Grazie al lavoro di formatore, incontro molte persone e, ultimamente, sto percependo che molte di esse sono in difficoltà, insoddisfatte delle proprie condizioni lavorative, relazionali, desiderose di affermare la propria personalità, in un continuo confronto con ansie quotidiane e il frenetico incedere nella vita che si traducono nel male del secolo: lo stress.

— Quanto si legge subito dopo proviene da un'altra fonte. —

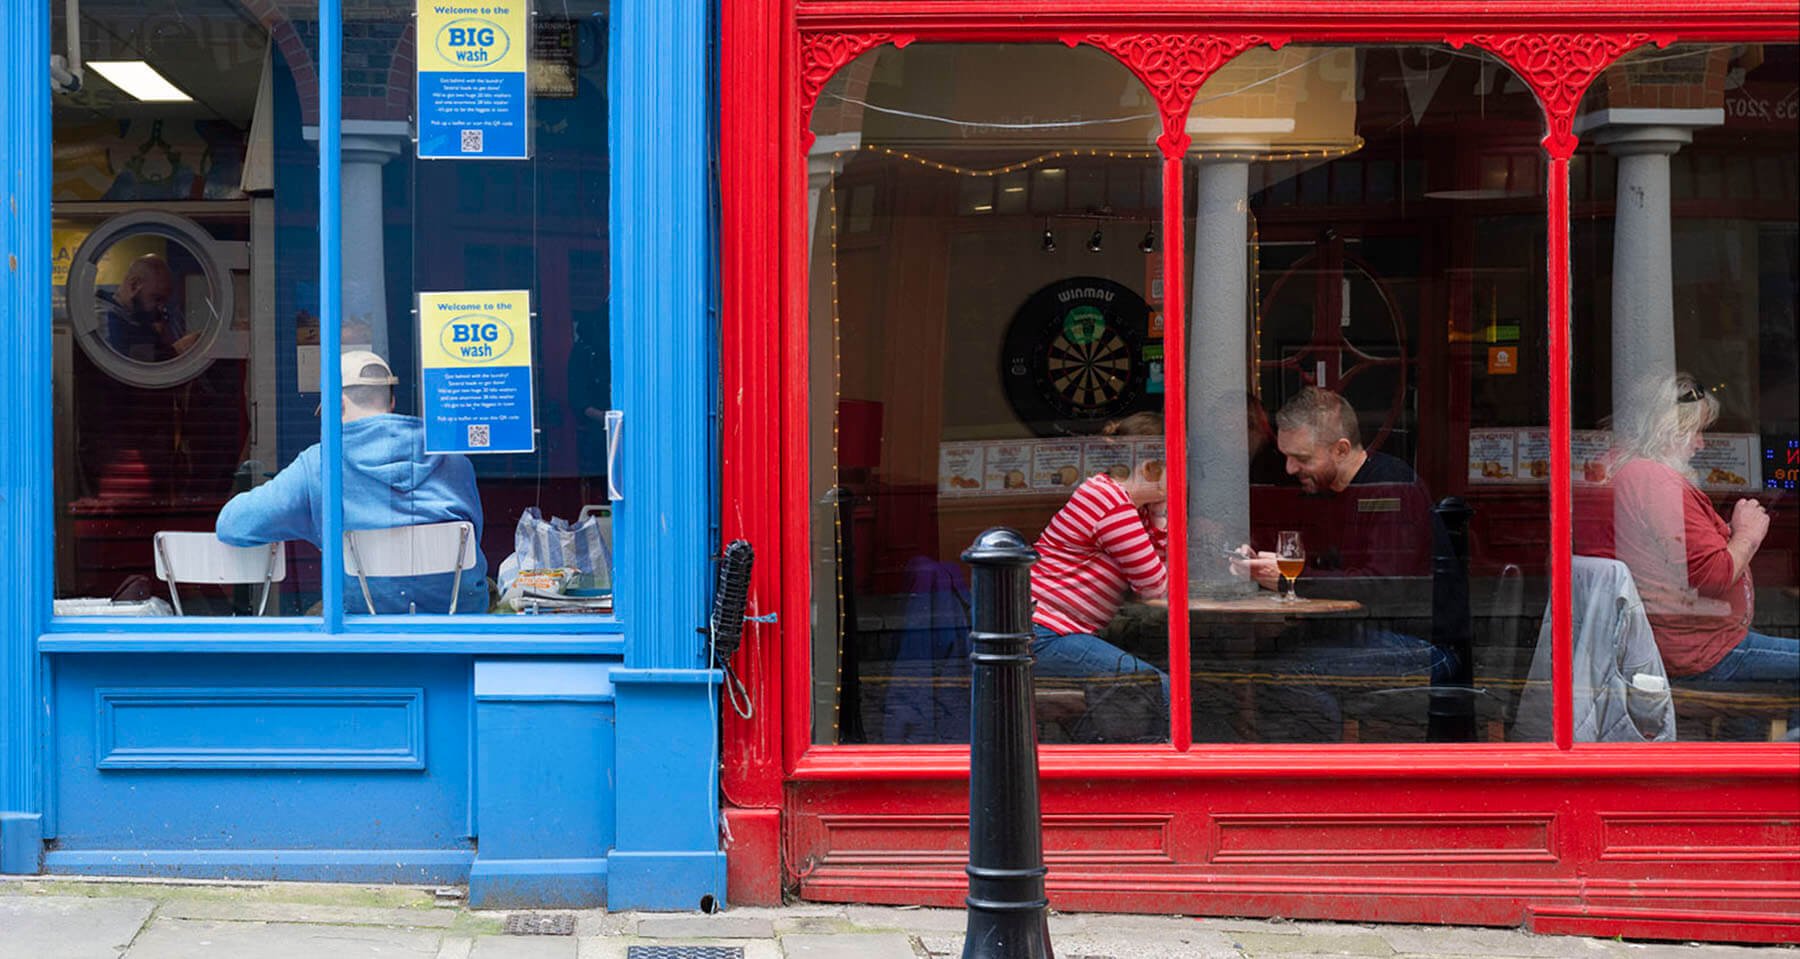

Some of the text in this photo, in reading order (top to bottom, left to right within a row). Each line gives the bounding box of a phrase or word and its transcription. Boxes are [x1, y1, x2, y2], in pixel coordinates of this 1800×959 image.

A fronte di questo, recentemente mi sono soffermata più profondamente a cercare di indagare e capire il perché di questo malessere e ho trovato una connessione con le scelte che noi facciamo o non facciamo, sul come e perché decidiamo. Ho deciso, quindi, di affrontare questo vasto e difficile concetto dal punto di vista della nostra consapevolezza: proverò a condurvi a riflettere togliendo strato dopo strato, come se fosse una cipolla, fino ad arrivare al cuore del mio concetto, che è supportato da riflessioni, da studi, da esperienze, ma è, comunque, un punto di vista personale.
Ogni giorno fronteggiamo, dall’età della ragione acquisita, tantissime scelte: alcuni studi dicono che noi ne facciamo consapevolmente o inconsapevolmente circa 35000, dalle più banali e quotidiane … come mi vesto, che cosa mangio, alle più complesse.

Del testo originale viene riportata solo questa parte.